───── SOURCE RECORDS ─────

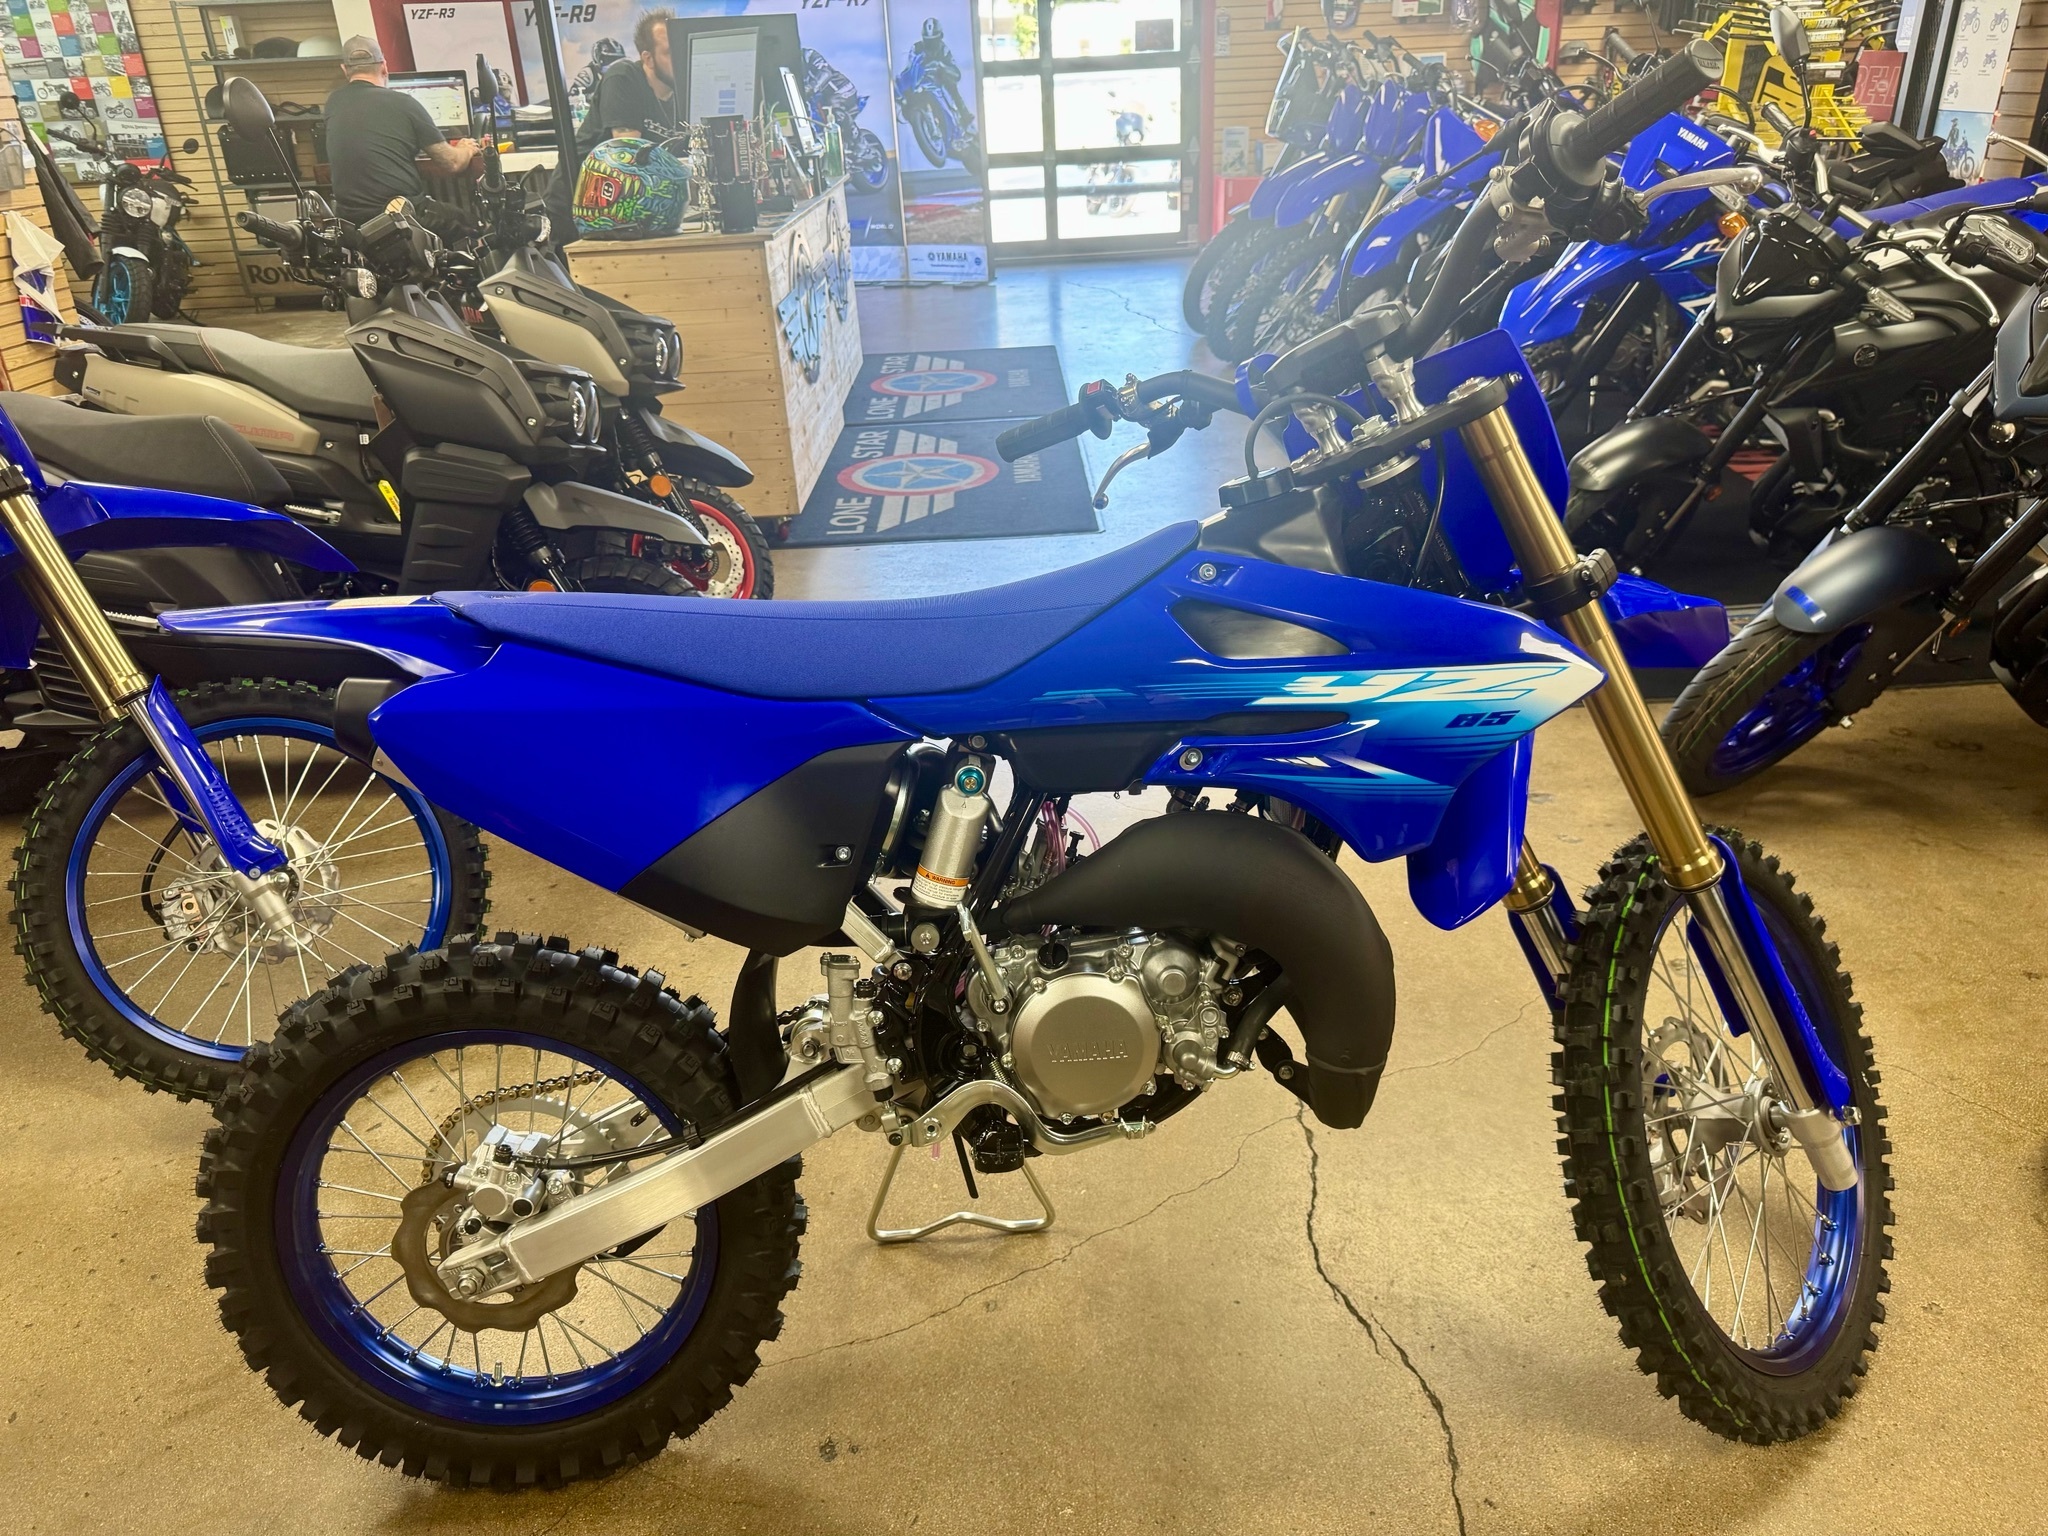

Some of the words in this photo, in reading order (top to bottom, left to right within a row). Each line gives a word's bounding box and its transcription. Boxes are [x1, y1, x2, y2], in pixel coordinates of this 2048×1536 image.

[411, 8, 455, 19] YZF-R3
[524, 4, 596, 26] Y-R9
[1677, 126, 1709, 151] YAMAHA
[936, 252, 969, 262] YAMAHA
[880, 355, 910, 374] STAR
[864, 396, 899, 420] LONE
[826, 498, 872, 535] LONE
[851, 430, 889, 459] STAR
[1248, 664, 1570, 706] YZ
[1445, 710, 1521, 729] 85
[204, 779, 254, 848] YAMAHA
[931, 876, 956, 885] WARNING
[1046, 1040, 1128, 1063] YAMAHA

─────

[TASK GOAL] A verbatim reproduction of each entry is expected, with every picture omitted.

[SOLUTION]
Some of the words in this photo, in reading order (top to bottom, left to right within a row). Each line gives a word's bounding box and its transcription. Boxes are [x1, y1, x2, y2], in pixel coordinates of this 2048×1536 image.

[411, 8, 455, 19] YZF-R3
[524, 4, 596, 26] Y-R9
[1677, 126, 1709, 151] YAMAHA
[936, 252, 969, 262] YAMAHA
[880, 355, 910, 374] STAR
[864, 396, 899, 420] LONE
[826, 498, 872, 535] LONE
[851, 430, 889, 459] STAR
[1248, 664, 1570, 706] YZ
[1445, 710, 1521, 729] 85
[204, 779, 254, 848] YAMAHA
[931, 876, 956, 885] WARNING
[1046, 1040, 1128, 1063] YAMAHA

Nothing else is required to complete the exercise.